Here's how to ensure that data protection issues are front and center at all stages of the employment relationship (and beyond):
- Discuss invention ownerships, intellectual property rights, and the use of confidential information in the initial job offer. Before the employee even accepts the job, make sure they know what it entails.
- Have NDAs/Nonsolicitation Agreements/Restrictive Covenants in the original employment contract. There are a lot of laws regarding how these documents are handled, but, following all of your state laws, have and enforce these!
- Keep Confidential Information Confidential. Some common sense advice: the fewer people who know something, the less likely it is that that something will become common knowledge.
- Train and Educate. Employees don't know it is wrong to take certain information? Tell them! Show them what qualifies as protected information, how they should use it, and, more importantly, how not to use it.

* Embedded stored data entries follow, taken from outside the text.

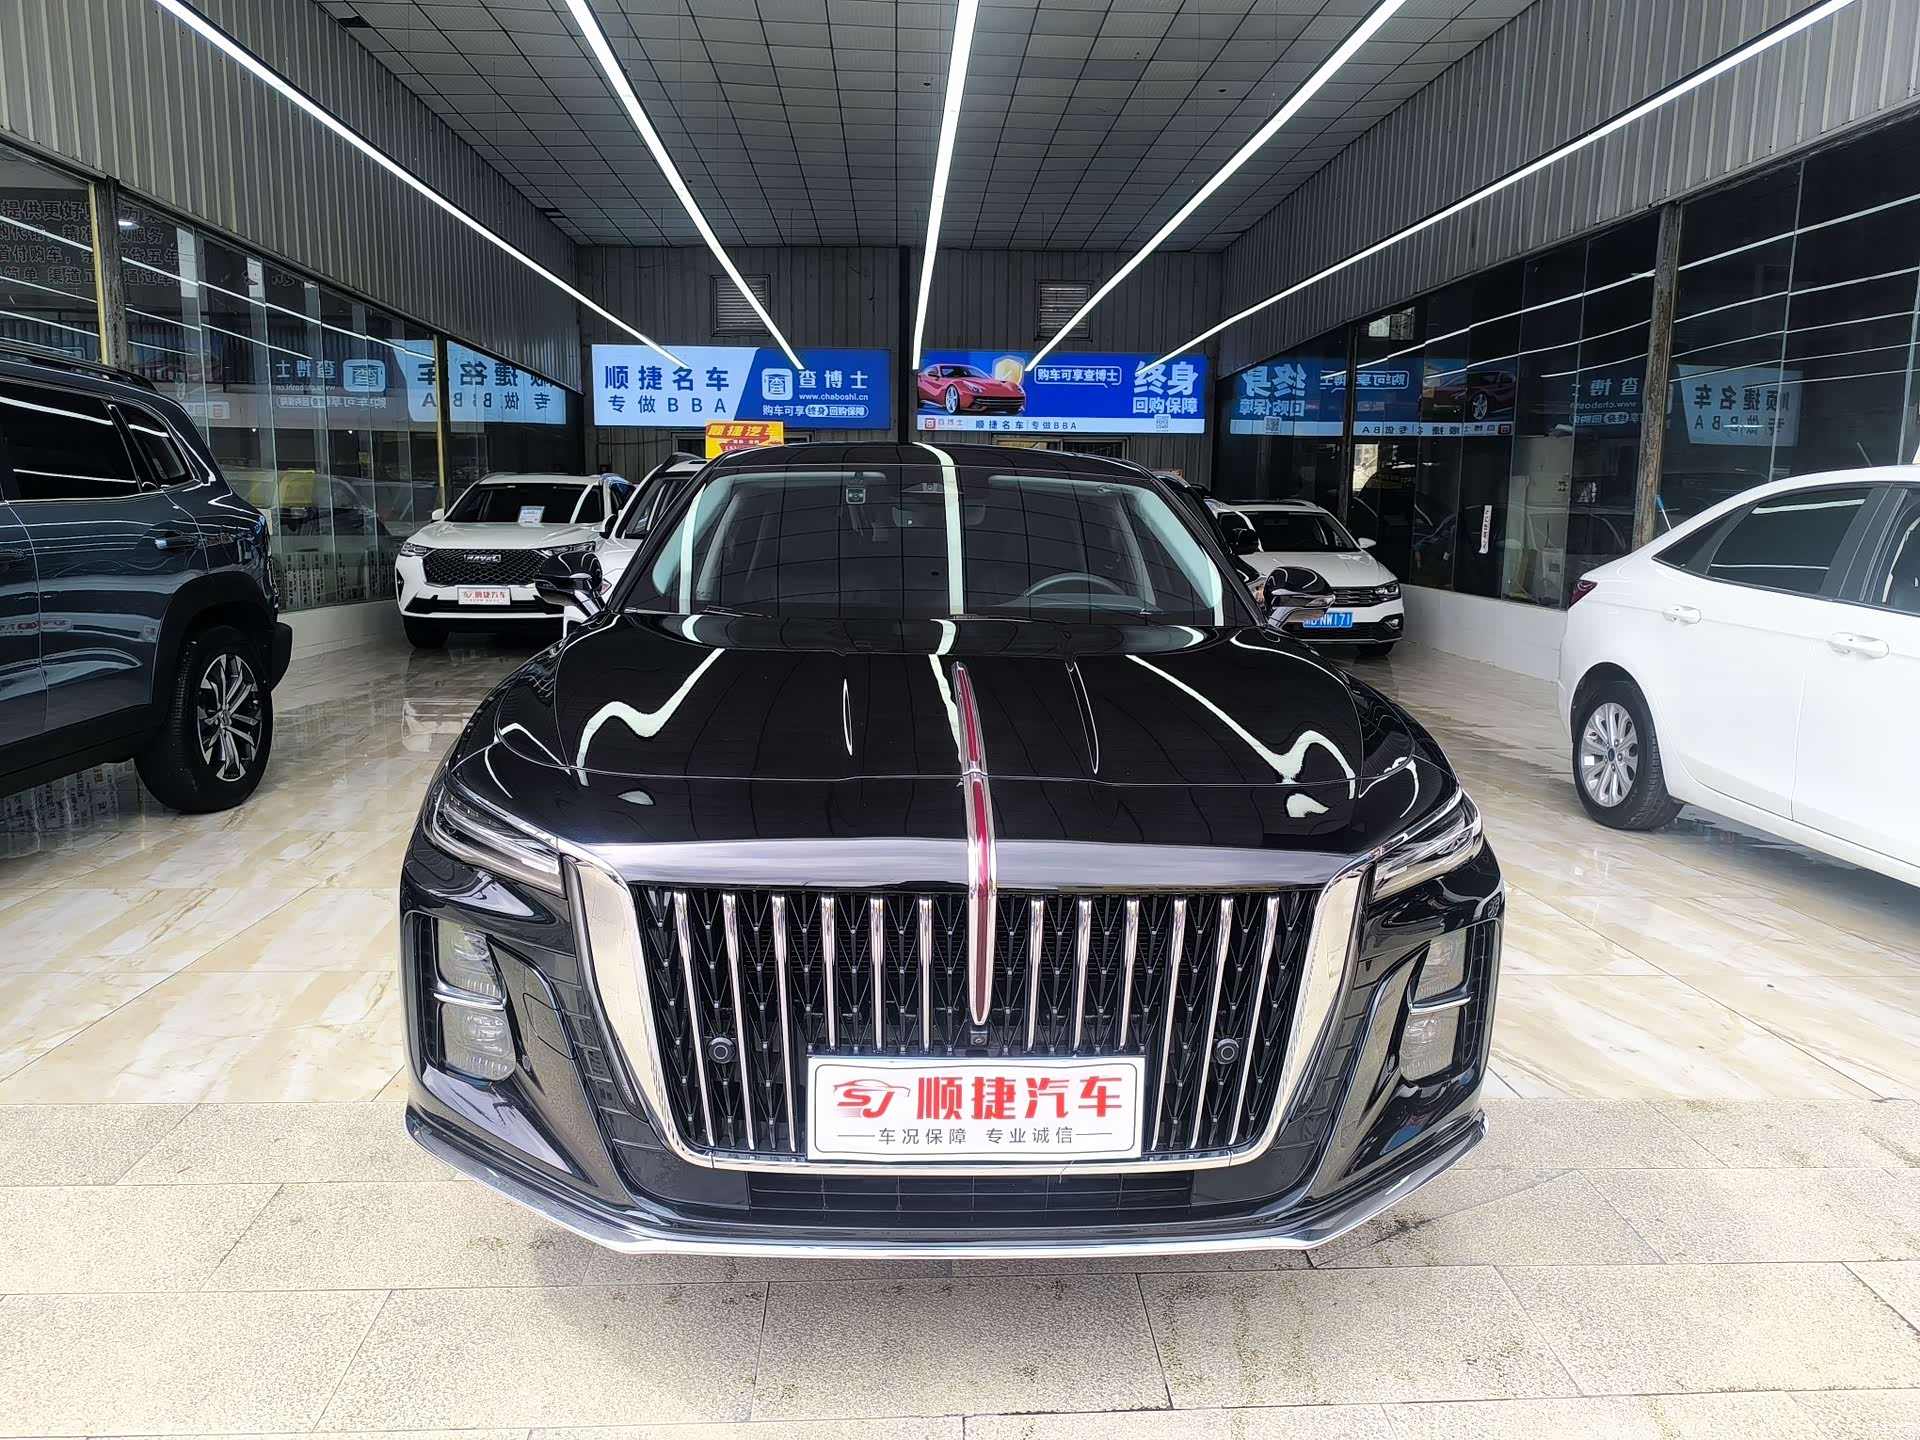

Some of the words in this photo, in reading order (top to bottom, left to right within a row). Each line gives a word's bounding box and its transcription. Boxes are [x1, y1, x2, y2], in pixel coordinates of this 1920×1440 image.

[604, 365, 730, 391] 顺捷名车
[798, 369, 869, 390] 查博士
[1037, 368, 1119, 383] 购车可享查博士
[1133, 360, 1200, 397] 终身
[798, 392, 870, 402] www.chaboshi.cn
[1132, 396, 1199, 415] 回购保障
[975, 419, 1025, 431] 顺捷名车
[466, 554, 499, 563] HAVAL
[916, 1075, 1123, 1120] 顺捷汽车
[877, 1127, 968, 1145] 车况保障
[985, 1126, 1074, 1144] 专业诚信

- Discuss in Exit Interviews. When an employee is leaving, have a conversation with them about what data belongs to the employer. Remind the employee of the employee contract. Make sure they know what is expected of them and that you do mean to enforce the contract.
Maybe the most important thing you can do to protect your confidential information is to enforce your agreements. If you have reason to suspect an employee is inappropriately using your information, check up on this and enforce the contract. This will curtail any damage already caused by the misuse, but it also shows current employees that you are serious.
One last statistic from that scary survey: 51% of employees believe it is okay to take protected information because the employer doesn't enforce policies. Enforce those policies people, and protect yourself from current and future data theft.